Some firms have begun to tackle the “hydra” that is pricing by trying to establish the resources required for a file through process mapping, task coding, and legal project management. While this is a start, the actual cost of a file, at this point in time, still remains largely unpredictable as a result of poor time keeping in the past and inadequate scope definition. In the many instances in which the clients themselves are not entirely clear on what they want or on how a given alternative fee could better meet their budget, it has been too easy to fall back on the billable hour and offer discounts.

Moreover, in the rare instances in which we are able to ascertain with some certainty the cost of a given legal service we often discover at the price we have established, we are “not market” and must cut our rates even more if we wish to win the file.

While reactive pricing in response to what the market will bear is a way of measuring how clients perceive value, in the long run it is probably not the best approach.

To begin with, clients are frequently unclear on the value their lawyers actually provide. So, unfortunately, are their lawyers. This stems from many things, be it poor training — junior lawyers don’t understand as clearly as they should what their seniors are asking them to do, frequently because the seniors don’t understand it themselves — or lack of metrics that would give us a clear idea of the tasks we perform and the resources required to perform them.
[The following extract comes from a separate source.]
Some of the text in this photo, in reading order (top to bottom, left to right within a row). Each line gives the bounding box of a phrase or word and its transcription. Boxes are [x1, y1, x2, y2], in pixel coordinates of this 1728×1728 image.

The result, however, affects how our services are priced.

Unable to explain exactly what value we add to a client’s business, we are vulnerable to the kind of logic that “a lawyer is a lawyer is a lawyer so why pay more for one than for another?” This reasoning, of course, is as heretical as the belief all clients are the same.
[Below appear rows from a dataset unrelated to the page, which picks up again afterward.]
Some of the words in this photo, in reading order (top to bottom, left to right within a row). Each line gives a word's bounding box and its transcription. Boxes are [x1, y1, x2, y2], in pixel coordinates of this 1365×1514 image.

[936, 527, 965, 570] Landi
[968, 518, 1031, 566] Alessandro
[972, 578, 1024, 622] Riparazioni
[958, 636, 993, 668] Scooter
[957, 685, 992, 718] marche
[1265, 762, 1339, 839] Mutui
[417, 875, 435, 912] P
Secondly, good legal services cost money to provide. While certain clients may be well served by a sole practitioner, others require a larger structure. It is not clear a client that requires the support of a competition lawyer, a tax lawyer, and a litigator will necessarily be better off consulting a sole practitioner in each of these areas. A one-stop shop where the client can receive all this advice from colleagues who have the client’s “bigger picture” in mind may indeed end up providing a more efficient solution to the client who does not have time to move from place to place searching for the missing pieces of its legal puzzle. Their time is also money. Cost of overhead in the larger structure, however, requires a certain fee structure.

In addition to what is market, a fundamental question to be considered when pricing legal work is: how does a lawyer wish to practise? As a sole practitioner or surrounded by partners whose legal skills can be drawn upon to assist his or her clients? If the answer to this is in a partnership, then the next question is what overhead can the partnership bear in terms of occupancy costs, employees, technology investment, and partner draws? Typically, a partnership with routine work can afford less overhead since margins are lower than a firm that does exclusively high-end work for which price is no object. Unfortunately, there is very little of the latter work on the market and frequently, even in eat-what-you-kill partnerships, some of the margins made on the high-end files are absorbed by the losses generated by the files that were underpriced simply to get the work.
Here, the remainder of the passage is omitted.